Zam... İstifa... Nikah...

Sizlere bir soru: Üç harfli, iki yönlü bir sözcüktür, bir ucu yakar, diğer ucu gönüllere rahatlık, cüzdanlara bereket getirir.

Sizlere bir soru: Üç harfli, iki yönlü bir sözcüktür, bir ucu yakar,  diğer  ucu gönüllere rahatlık, cüzdanlara bereket getirir.

 

Düşünmeye gerek yok. Yanıtı söylüyorum: Zam...

 

Zam almak güzeldir de, yeterli olması mutluluk verir, hatta beklentilerin üzerinde olması  ise bordro mahkumlarını uçurur.

 

Zam almak güzeldir de... Ya zamma muhatap olmak?

 

"Arife tarif gerekmez" sosyal yaşamda zam denen ekonomik deyimin acısını her alanda tadıyoruz.
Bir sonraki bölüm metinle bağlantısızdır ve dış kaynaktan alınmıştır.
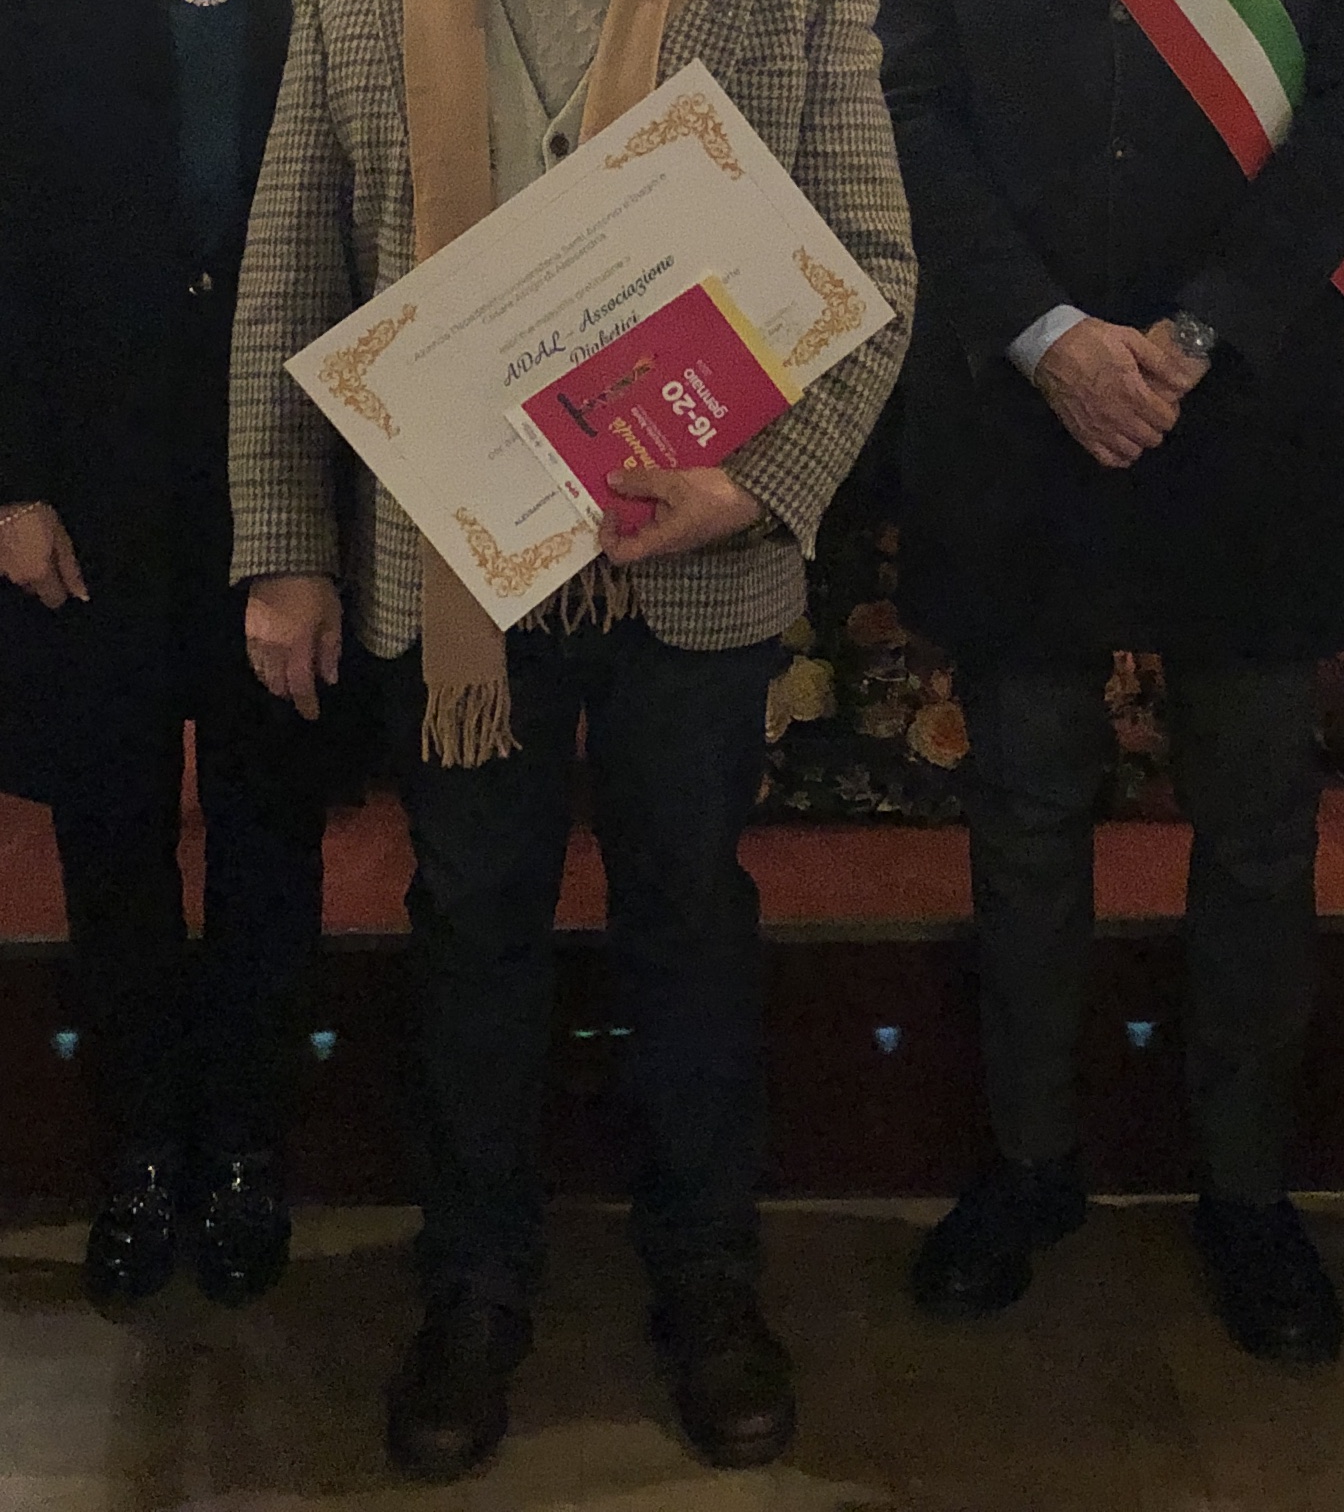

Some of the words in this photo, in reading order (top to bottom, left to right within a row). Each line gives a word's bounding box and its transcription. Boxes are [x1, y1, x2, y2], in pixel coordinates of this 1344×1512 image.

TUİK bu acının ölçüsünü enflasyon olarak çarşı/pazar dolaşıp ölçüyor. Her yerden feryat yükseliyor.

 

İşçi, memur, dargelirli, çiftçi, esnaf, bordro mahkumları ansızın-ansızın gelen zamlardan yakınıyor.

 

 Anımsar mısınız? Turgut Özal'ın Başbakanlığı döneminde dilinden düşürmediği "orta direk" diye tanımladığı toplumsal kesimden söz etmiyoruz artık. Çünkü, "orta direk" insanlar yok oldu. Orta direk çöktü.

 

Özal'ın "Orta direk"i yok oldu, öldü.

 

Hükümetler toplumsal yaşamı belli bir düzeyde/ortamda tutabilme anlamında başvurduğu vergi düzenlemeleri; ekonomi piyasasında fiyatlara yansıyınca  zam denilen hiç arzulanılmayan durum ortaya çıkar.